Red Teaming Large Language Models for Code

Exploring Dangerous and Unfair Software Applications

More Info
expand_more

Abstract

The rapid advancement of large language models has enabled numerous innovative, but also harmful applications. It is therefore essential to create these models to behave safely and responsibly. One way to improve these models is by red teaming them. In this study, we aim to identify prompts that lead large language models to exhibit unfair or dangerous behavior in software and cybersecurity contexts. We do this by manually creating prompts and manually assessing the harmfulness of the response.
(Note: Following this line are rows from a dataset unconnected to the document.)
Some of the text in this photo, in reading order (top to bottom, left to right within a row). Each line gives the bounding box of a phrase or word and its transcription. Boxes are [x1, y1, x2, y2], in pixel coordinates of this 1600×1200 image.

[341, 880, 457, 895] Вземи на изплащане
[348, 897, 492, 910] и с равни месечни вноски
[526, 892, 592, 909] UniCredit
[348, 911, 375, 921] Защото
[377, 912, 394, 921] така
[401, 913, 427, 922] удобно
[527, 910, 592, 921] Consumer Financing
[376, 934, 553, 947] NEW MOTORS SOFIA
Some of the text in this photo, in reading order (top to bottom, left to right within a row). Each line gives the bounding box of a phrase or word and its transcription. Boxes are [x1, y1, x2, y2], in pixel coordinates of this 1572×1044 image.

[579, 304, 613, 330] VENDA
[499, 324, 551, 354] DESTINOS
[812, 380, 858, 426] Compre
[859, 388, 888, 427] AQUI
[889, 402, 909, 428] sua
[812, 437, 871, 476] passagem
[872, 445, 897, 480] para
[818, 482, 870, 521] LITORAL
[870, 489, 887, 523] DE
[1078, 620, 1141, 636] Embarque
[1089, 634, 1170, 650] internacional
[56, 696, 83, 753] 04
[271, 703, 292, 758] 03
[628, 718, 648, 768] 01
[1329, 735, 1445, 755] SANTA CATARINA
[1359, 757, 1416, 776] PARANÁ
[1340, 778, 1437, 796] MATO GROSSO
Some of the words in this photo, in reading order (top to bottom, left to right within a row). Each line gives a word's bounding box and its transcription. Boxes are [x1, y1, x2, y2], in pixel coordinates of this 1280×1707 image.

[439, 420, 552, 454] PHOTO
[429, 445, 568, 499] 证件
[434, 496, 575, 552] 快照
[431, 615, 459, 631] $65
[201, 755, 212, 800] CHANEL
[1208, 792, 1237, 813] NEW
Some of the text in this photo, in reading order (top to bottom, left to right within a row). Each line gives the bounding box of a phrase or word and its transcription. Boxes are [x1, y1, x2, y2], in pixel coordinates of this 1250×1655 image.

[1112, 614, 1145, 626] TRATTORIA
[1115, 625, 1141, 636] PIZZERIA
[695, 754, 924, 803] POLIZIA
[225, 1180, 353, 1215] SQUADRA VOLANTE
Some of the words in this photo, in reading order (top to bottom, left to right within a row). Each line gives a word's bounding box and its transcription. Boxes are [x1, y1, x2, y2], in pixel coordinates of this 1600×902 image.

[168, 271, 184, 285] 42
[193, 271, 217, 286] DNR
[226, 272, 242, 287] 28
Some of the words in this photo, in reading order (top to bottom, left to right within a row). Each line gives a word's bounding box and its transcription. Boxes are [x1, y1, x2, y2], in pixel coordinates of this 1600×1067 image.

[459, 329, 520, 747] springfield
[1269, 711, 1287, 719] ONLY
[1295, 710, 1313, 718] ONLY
Our contributions include a taxonomy of dangerous and unfair use cases of large language models for Code, a dataset of 200 prompts tested on eight models, an investigation into how expanding the prompt, and how adding a code skeleton for the model to complete changes the level of harmfulness. Among the eight models evaluated, only CodeGemma and GPT-3.5-0125 were well-aligned against our taxonomy categories. The unaligned Dolphin-Mixtral and self-aligned Starcoder 2 were notably susceptible to harmful responses across all categories. We observed that the Model Attacks category was problematic for most models. Expanding prompts increased harmful responses in the Cyber Attacks, Model Attacks, and Phishing categories but decreased them in the Biased Code Generation category. Adding a code skeleton to prompts consistently raised harmfulness across all categories. Large language model alignment still needs further improvement, so we suggest employing red teaming techniques to enhance the safety features of large language models.